DESCRIPTION OF THE TASK
What you give back should match the entries below character for character.

[INPUT DATA Boundary: Start]

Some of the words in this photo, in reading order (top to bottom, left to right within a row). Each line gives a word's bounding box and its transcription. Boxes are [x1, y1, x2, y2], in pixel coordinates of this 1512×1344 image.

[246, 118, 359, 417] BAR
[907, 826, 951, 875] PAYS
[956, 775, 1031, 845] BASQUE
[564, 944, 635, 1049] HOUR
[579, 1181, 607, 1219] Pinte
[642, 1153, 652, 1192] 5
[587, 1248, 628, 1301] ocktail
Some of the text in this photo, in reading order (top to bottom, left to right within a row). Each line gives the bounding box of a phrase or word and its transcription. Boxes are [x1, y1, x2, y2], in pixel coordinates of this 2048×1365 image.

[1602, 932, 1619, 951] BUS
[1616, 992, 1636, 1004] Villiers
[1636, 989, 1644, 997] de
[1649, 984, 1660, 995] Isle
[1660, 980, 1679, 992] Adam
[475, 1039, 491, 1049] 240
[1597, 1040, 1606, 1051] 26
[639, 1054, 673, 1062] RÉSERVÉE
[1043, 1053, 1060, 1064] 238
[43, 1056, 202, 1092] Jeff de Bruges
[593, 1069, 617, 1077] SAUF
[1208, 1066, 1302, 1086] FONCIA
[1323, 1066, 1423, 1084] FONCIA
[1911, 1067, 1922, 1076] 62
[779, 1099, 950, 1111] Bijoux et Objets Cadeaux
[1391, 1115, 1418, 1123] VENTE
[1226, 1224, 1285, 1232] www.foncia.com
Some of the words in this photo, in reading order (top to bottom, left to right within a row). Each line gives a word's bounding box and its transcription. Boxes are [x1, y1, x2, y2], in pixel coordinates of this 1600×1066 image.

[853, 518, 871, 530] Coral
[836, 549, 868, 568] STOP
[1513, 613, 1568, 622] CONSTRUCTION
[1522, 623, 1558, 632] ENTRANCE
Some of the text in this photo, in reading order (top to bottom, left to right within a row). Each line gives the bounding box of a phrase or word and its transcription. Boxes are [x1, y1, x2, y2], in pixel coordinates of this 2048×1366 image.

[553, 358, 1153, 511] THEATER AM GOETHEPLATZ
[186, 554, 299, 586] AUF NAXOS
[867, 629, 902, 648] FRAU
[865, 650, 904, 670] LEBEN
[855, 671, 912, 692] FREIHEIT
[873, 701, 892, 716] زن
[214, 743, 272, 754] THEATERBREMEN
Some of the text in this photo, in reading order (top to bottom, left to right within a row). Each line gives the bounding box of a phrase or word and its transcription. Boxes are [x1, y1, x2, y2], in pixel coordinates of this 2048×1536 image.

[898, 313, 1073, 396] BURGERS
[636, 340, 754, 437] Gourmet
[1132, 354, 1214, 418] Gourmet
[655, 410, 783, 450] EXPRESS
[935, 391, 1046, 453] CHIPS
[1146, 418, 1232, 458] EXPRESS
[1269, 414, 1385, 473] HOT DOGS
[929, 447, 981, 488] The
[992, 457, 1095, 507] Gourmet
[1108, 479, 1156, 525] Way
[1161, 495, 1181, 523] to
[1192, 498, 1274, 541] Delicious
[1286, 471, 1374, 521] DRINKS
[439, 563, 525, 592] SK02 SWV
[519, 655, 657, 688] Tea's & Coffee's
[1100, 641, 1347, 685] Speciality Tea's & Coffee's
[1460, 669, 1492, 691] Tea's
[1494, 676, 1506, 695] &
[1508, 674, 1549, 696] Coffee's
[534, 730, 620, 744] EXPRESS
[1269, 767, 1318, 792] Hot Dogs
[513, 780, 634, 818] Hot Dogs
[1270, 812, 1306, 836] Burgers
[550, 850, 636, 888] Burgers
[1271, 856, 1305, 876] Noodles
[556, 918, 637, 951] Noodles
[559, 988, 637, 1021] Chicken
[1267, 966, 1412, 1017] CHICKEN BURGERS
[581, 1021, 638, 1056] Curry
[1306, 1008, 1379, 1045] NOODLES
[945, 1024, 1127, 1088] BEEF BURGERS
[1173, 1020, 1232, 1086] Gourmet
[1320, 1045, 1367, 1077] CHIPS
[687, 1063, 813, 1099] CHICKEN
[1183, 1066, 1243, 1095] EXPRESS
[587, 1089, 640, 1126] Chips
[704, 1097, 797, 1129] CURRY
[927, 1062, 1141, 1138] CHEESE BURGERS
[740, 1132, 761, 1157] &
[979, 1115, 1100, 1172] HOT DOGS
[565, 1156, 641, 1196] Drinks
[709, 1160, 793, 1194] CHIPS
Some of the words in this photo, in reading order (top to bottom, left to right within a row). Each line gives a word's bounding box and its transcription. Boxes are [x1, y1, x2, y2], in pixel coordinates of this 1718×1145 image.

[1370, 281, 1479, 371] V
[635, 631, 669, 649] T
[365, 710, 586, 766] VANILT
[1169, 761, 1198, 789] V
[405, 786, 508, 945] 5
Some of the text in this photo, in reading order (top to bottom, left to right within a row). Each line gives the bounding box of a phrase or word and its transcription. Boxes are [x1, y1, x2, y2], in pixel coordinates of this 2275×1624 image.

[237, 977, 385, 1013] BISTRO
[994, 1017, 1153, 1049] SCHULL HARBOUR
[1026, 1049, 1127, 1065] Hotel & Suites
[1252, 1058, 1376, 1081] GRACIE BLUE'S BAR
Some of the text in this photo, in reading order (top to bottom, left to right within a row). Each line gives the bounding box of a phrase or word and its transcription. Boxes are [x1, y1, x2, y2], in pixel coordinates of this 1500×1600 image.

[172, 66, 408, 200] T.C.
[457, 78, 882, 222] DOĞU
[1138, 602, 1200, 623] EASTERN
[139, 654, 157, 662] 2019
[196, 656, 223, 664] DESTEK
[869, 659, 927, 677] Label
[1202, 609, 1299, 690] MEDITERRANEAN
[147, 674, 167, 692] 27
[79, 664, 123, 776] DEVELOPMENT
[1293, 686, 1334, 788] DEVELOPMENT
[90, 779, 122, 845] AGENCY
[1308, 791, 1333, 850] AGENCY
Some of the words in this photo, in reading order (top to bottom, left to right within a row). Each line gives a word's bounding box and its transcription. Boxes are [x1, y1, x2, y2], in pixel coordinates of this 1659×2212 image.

[INPUT DATA Boundary: End]

SOLUTION BELOW
Some of the words in this photo, in reading order (top to bottom, left to right within a row). Each line gives a word's bounding box and its transcription. Boxes are [x1, y1, x2, y2], in pixel coordinates of this 1512×1344 image.

[246, 118, 359, 417] BAR
[907, 826, 951, 875] PAYS
[956, 775, 1031, 845] BASQUE
[564, 944, 635, 1049] HOUR
[579, 1181, 607, 1219] Pinte
[642, 1153, 652, 1192] 5
[587, 1248, 628, 1301] ocktail
Some of the text in this photo, in reading order (top to bottom, left to right within a row). Each line gives the bounding box of a phrase or word and its transcription. Boxes are [x1, y1, x2, y2], in pixel coordinates of this 2048×1365 image.

[1602, 932, 1619, 951] BUS
[1616, 992, 1636, 1004] Villiers
[1636, 989, 1644, 997] de
[1649, 984, 1660, 995] Isle
[1660, 980, 1679, 992] Adam
[475, 1039, 491, 1049] 240
[1597, 1040, 1606, 1051] 26
[639, 1054, 673, 1062] RÉSERVÉE
[1043, 1053, 1060, 1064] 238
[43, 1056, 202, 1092] Jeff de Bruges
[593, 1069, 617, 1077] SAUF
[1208, 1066, 1302, 1086] FONCIA
[1323, 1066, 1423, 1084] FONCIA
[1911, 1067, 1922, 1076] 62
[779, 1099, 950, 1111] Bijoux et Objets Cadeaux
[1391, 1115, 1418, 1123] VENTE
[1226, 1224, 1285, 1232] www.foncia.com
Some of the words in this photo, in reading order (top to bottom, left to right within a row). Each line gives a word's bounding box and its transcription. Boxes are [x1, y1, x2, y2], in pixel coordinates of this 1600×1066 image.

[853, 518, 871, 530] Coral
[836, 549, 868, 568] STOP
[1513, 613, 1568, 622] CONSTRUCTION
[1522, 623, 1558, 632] ENTRANCE
Some of the text in this photo, in reading order (top to bottom, left to right within a row). Each line gives the bounding box of a phrase or word and its transcription. Boxes are [x1, y1, x2, y2], in pixel coordinates of this 2048×1366 image.

[553, 358, 1153, 511] THEATER AM GOETHEPLATZ
[186, 554, 299, 586] AUF NAXOS
[867, 629, 902, 648] FRAU
[865, 650, 904, 670] LEBEN
[855, 671, 912, 692] FREIHEIT
[873, 701, 892, 716] زن
[214, 743, 272, 754] THEATERBREMEN
Some of the text in this photo, in reading order (top to bottom, left to right within a row). Each line gives the bounding box of a phrase or word and its transcription. Boxes are [x1, y1, x2, y2], in pixel coordinates of this 2048×1536 image.

[898, 313, 1073, 396] BURGERS
[636, 340, 754, 437] Gourmet
[1132, 354, 1214, 418] Gourmet
[655, 410, 783, 450] EXPRESS
[935, 391, 1046, 453] CHIPS
[1146, 418, 1232, 458] EXPRESS
[1269, 414, 1385, 473] HOT DOGS
[929, 447, 981, 488] The
[992, 457, 1095, 507] Gourmet
[1108, 479, 1156, 525] Way
[1161, 495, 1181, 523] to
[1192, 498, 1274, 541] Delicious
[1286, 471, 1374, 521] DRINKS
[439, 563, 525, 592] SK02 SWV
[519, 655, 657, 688] Tea's & Coffee's
[1100, 641, 1347, 685] Speciality Tea's & Coffee's
[1460, 669, 1492, 691] Tea's
[1494, 676, 1506, 695] &
[1508, 674, 1549, 696] Coffee's
[534, 730, 620, 744] EXPRESS
[1269, 767, 1318, 792] Hot Dogs
[513, 780, 634, 818] Hot Dogs
[1270, 812, 1306, 836] Burgers
[550, 850, 636, 888] Burgers
[1271, 856, 1305, 876] Noodles
[556, 918, 637, 951] Noodles
[559, 988, 637, 1021] Chicken
[1267, 966, 1412, 1017] CHICKEN BURGERS
[581, 1021, 638, 1056] Curry
[1306, 1008, 1379, 1045] NOODLES
[945, 1024, 1127, 1088] BEEF BURGERS
[1173, 1020, 1232, 1086] Gourmet
[1320, 1045, 1367, 1077] CHIPS
[687, 1063, 813, 1099] CHICKEN
[1183, 1066, 1243, 1095] EXPRESS
[587, 1089, 640, 1126] Chips
[704, 1097, 797, 1129] CURRY
[927, 1062, 1141, 1138] CHEESE BURGERS
[740, 1132, 761, 1157] &
[979, 1115, 1100, 1172] HOT DOGS
[565, 1156, 641, 1196] Drinks
[709, 1160, 793, 1194] CHIPS
Some of the words in this photo, in reading order (top to bottom, left to right within a row). Each line gives a word's bounding box and its transcription. Boxes are [x1, y1, x2, y2], in pixel coordinates of this 1718×1145 image.

[1370, 281, 1479, 371] V
[635, 631, 669, 649] T
[365, 710, 586, 766] VANILT
[1169, 761, 1198, 789] V
[405, 786, 508, 945] 5
Some of the text in this photo, in reading order (top to bottom, left to right within a row). Each line gives the bounding box of a phrase or word and its transcription. Boxes are [x1, y1, x2, y2], in pixel coordinates of this 2275×1624 image.

[237, 977, 385, 1013] BISTRO
[994, 1017, 1153, 1049] SCHULL HARBOUR
[1026, 1049, 1127, 1065] Hotel & Suites
[1252, 1058, 1376, 1081] GRACIE BLUE'S BAR
Some of the text in this photo, in reading order (top to bottom, left to right within a row). Each line gives the bounding box of a phrase or word and its transcription. Boxes are [x1, y1, x2, y2], in pixel coordinates of this 1500×1600 image.

[172, 66, 408, 200] T.C.
[457, 78, 882, 222] DOĞU
[1138, 602, 1200, 623] EASTERN
[139, 654, 157, 662] 2019
[196, 656, 223, 664] DESTEK
[869, 659, 927, 677] Label
[1202, 609, 1299, 690] MEDITERRANEAN
[147, 674, 167, 692] 27
[79, 664, 123, 776] DEVELOPMENT
[1293, 686, 1334, 788] DEVELOPMENT
[90, 779, 122, 845] AGENCY
[1308, 791, 1333, 850] AGENCY
Some of the words in this photo, in reading order (top to bottom, left to right within a row). Each line gives a word's bounding box and its transcription. Boxes are [x1, y1, x2, y2], in pixel coordinates of this 1659×2212 image.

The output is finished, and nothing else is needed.